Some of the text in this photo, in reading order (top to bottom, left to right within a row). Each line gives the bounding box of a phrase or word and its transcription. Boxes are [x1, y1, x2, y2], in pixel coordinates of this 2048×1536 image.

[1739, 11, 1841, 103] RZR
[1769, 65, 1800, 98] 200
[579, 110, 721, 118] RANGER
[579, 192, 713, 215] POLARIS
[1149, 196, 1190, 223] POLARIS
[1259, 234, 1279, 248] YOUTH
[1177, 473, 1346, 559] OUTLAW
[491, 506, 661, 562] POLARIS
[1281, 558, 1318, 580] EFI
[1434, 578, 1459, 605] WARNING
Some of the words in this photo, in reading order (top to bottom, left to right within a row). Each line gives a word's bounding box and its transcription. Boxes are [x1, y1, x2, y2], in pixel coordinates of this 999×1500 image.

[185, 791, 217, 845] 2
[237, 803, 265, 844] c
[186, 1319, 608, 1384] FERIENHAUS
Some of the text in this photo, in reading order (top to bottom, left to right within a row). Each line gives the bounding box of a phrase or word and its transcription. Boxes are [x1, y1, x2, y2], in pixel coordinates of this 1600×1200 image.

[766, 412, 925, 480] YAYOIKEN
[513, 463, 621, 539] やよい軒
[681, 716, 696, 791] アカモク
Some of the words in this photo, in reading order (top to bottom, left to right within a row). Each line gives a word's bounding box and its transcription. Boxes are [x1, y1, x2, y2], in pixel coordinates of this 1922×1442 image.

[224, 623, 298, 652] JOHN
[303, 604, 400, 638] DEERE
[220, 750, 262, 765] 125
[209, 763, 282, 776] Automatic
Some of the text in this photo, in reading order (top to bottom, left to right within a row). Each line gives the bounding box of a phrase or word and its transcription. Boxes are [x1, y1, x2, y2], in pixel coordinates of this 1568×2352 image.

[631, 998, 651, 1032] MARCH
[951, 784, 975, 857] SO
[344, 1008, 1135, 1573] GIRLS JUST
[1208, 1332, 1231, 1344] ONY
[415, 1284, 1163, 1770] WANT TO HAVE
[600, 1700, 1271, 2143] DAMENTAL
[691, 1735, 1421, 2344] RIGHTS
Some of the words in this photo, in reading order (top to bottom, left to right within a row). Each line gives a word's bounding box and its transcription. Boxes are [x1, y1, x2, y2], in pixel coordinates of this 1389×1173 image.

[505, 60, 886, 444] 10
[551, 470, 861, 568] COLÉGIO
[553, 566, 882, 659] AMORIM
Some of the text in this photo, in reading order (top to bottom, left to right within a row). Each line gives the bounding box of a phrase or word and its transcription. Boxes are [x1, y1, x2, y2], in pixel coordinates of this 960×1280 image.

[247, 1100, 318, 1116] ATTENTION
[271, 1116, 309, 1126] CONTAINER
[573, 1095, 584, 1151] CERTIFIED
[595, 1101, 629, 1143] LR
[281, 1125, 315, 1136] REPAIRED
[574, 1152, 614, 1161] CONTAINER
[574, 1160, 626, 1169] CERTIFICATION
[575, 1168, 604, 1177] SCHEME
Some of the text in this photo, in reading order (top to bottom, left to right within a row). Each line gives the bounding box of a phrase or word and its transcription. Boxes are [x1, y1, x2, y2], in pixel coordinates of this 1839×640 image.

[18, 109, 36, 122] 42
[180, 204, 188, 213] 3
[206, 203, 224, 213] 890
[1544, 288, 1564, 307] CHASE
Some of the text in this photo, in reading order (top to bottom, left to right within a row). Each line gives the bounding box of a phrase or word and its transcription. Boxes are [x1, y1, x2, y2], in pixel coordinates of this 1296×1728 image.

════════════════

Work required. A reply that repeats all the data exactly is required.

Solution.
Some of the text in this photo, in reading order (top to bottom, left to right within a row). Each line gives the bounding box of a phrase or word and its transcription. Boxes are [x1, y1, x2, y2], in pixel coordinates of this 2048×1536 image.

[1739, 11, 1841, 103] RZR
[1769, 65, 1800, 98] 200
[579, 110, 721, 118] RANGER
[579, 192, 713, 215] POLARIS
[1149, 196, 1190, 223] POLARIS
[1259, 234, 1279, 248] YOUTH
[1177, 473, 1346, 559] OUTLAW
[491, 506, 661, 562] POLARIS
[1281, 558, 1318, 580] EFI
[1434, 578, 1459, 605] WARNING
Some of the words in this photo, in reading order (top to bottom, left to right within a row). Each line gives a word's bounding box and its transcription. Boxes are [x1, y1, x2, y2], in pixel coordinates of this 999×1500 image.

[185, 791, 217, 845] 2
[237, 803, 265, 844] c
[186, 1319, 608, 1384] FERIENHAUS
Some of the text in this photo, in reading order (top to bottom, left to right within a row). Each line gives the bounding box of a phrase or word and its transcription. Boxes are [x1, y1, x2, y2], in pixel coordinates of this 1600×1200 image.

[766, 412, 925, 480] YAYOIKEN
[513, 463, 621, 539] やよい軒
[681, 716, 696, 791] アカモク
Some of the words in this photo, in reading order (top to bottom, left to right within a row). Each line gives a word's bounding box and its transcription. Boxes are [x1, y1, x2, y2], in pixel coordinates of this 1922×1442 image.

[224, 623, 298, 652] JOHN
[303, 604, 400, 638] DEERE
[220, 750, 262, 765] 125
[209, 763, 282, 776] Automatic
Some of the text in this photo, in reading order (top to bottom, left to right within a row). Each line gives the bounding box of a phrase or word and its transcription. Boxes are [x1, y1, x2, y2], in pixel coordinates of this 1568×2352 image.

[631, 998, 651, 1032] MARCH
[951, 784, 975, 857] SO
[344, 1008, 1135, 1573] GIRLS JUST
[1208, 1332, 1231, 1344] ONY
[415, 1284, 1163, 1770] WANT TO HAVE
[600, 1700, 1271, 2143] DAMENTAL
[691, 1735, 1421, 2344] RIGHTS
Some of the words in this photo, in reading order (top to bottom, left to right within a row). Each line gives a word's bounding box and its transcription. Boxes are [x1, y1, x2, y2], in pixel coordinates of this 1389×1173 image.

[505, 60, 886, 444] 10
[551, 470, 861, 568] COLÉGIO
[553, 566, 882, 659] AMORIM
Some of the text in this photo, in reading order (top to bottom, left to right within a row). Each line gives the bounding box of a phrase or word and its transcription. Boxes are [x1, y1, x2, y2], in pixel coordinates of this 960×1280 image.

[247, 1100, 318, 1116] ATTENTION
[271, 1116, 309, 1126] CONTAINER
[573, 1095, 584, 1151] CERTIFIED
[595, 1101, 629, 1143] LR
[281, 1125, 315, 1136] REPAIRED
[574, 1152, 614, 1161] CONTAINER
[574, 1160, 626, 1169] CERTIFICATION
[575, 1168, 604, 1177] SCHEME
Some of the text in this photo, in reading order (top to bottom, left to right within a row). Each line gives the bounding box of a phrase or word and its transcription. Boxes are [x1, y1, x2, y2], in pixel coordinates of this 1839×640 image.

[18, 109, 36, 122] 42
[180, 204, 188, 213] 3
[206, 203, 224, 213] 890
[1544, 288, 1564, 307] CHASE
Some of the text in this photo, in reading order (top to bottom, left to right within a row). Each line gives the bounding box of a phrase or word and its transcription. Boxes are [x1, y1, x2, y2], in pixel coordinates of this 1296×1728 image.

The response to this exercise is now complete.